Israël autorise depuis dimanche l’acheminement d’aide humanitaire par les airs à Gaza. Plusieurs pays larguent des dizaines de tonnes de vivres par avion auprès d’une population menacée par la famine. Cette aide peut-elle soulager les Gazaouis ? Décryptage avec l’ancien président d’Action contre la faim, Pierre Micheletti.
Sous pression internationale, l’État hébreu a permis l’entrée de 120 camions d’aide sur le territoire. L’accès humanitaire par voie terrestre demeurant toutefois très limité, plusieurs pays ont choisi de passer par les airs.
Le Royaume-Uni, la Belgique, l’Allemagne, la France, les Émirats arabes unis et la Jordanie ont déjà largué – ou vont larguer – par avion des dizaines de tonnes d’aide humanitaire sur Gaza. Paris doit ainsi acheminer 40 tonnes d’aide à partir de vendredi 1er août.
Il s’agit de répondre à une situation d’une gravité inédite : la bande de Gaza est désormais menacée d’une "famine généralisée", selon l’ONU.
Cette méthode suscite l’inquiétude de plusieurs voix du secteur humanitaire. Pierre Micheletti, médecin, ancien président d’Action contre la faim et de Médecins du monde, fait le point pour France 24.
France 24 : Le volume total d’aide livrée depuis dimanche – par avion et par camion – est-il insuffisant ?
Pierre Micheletti : Il faut être honnête sur cette réalité. Nous nous trouvons face à un "gap" volumétrique considérable. Avant les événements dramatiques d’octobre 2023 et la guerre qui embrase Gaza depuis, entre 500 et 600 camions entraient quotidiennement à Gaza. Rappelons qu’ils ne contenaient pas uniquement des denrées alimentaires, mais aussi des médicaments et d’autres produits indispensables.
Aujourd’hui, on annonce une centaine de camions par voie terrestre, en plus des quelques largages aériens. On voit bien qu’on n’est pas du tout sur le rétablissement des flux antérieurs.
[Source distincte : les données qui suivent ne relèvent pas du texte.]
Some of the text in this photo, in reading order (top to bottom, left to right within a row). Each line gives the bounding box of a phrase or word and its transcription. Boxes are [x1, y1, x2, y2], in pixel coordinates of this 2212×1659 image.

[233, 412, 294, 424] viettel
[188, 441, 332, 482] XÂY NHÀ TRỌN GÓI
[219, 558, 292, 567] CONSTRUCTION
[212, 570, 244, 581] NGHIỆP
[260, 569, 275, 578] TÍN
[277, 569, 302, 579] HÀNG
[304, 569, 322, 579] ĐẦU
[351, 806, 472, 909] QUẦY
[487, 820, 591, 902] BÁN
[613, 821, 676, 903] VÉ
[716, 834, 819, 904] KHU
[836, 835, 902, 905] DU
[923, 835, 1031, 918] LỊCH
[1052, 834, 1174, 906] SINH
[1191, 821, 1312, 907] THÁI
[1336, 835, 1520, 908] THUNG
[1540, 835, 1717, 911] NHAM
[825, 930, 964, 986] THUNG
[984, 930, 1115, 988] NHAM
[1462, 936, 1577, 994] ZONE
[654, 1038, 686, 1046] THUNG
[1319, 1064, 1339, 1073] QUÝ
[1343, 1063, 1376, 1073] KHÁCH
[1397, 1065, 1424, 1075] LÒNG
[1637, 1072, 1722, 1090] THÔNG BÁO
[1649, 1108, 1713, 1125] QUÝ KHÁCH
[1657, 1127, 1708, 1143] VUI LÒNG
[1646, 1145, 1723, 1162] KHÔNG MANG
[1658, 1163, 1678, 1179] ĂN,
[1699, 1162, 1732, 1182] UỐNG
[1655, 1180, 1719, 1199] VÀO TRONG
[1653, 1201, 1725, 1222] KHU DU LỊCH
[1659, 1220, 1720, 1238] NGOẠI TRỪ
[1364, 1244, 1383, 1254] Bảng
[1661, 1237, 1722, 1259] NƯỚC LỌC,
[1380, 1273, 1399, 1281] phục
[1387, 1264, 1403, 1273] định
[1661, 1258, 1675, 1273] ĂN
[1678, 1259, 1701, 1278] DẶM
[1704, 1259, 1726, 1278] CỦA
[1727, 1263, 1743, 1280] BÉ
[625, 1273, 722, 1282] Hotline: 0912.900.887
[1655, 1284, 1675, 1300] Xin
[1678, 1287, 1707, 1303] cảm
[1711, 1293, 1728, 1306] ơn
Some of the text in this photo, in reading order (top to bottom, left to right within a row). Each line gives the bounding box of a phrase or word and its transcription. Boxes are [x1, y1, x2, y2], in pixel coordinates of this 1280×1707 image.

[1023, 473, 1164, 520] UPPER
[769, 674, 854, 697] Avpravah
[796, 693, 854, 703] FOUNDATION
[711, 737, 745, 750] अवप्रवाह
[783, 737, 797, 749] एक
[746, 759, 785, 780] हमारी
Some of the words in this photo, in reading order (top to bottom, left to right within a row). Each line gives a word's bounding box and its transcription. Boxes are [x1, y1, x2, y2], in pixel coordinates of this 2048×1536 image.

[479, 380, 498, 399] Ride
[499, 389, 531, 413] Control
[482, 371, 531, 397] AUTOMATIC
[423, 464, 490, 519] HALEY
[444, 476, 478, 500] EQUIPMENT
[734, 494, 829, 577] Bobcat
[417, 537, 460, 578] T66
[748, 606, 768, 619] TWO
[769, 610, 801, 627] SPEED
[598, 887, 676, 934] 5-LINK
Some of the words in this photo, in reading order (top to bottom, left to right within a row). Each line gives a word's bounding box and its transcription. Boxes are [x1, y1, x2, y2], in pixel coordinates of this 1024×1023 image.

Quand on examine les envois aériens, toutes origines confondues, la question est : vont-ils atteindre une volumétrie suffisante pour nourrir deux millions de personnes, assez vite, face à l’urgence actuelle ? J’en doute.
Et on ne parle ici que du volume d’aide brut qui parvient sur le territoire. Lutter contre la famine, ce n’est pas juste compter des avions et des camions d’aide alimentaire : c’est veiller à la mise en œuvre effective des quatre composantes de la sécurité alimentaire, dont la disponibilité que je viens d’évoquer. (...)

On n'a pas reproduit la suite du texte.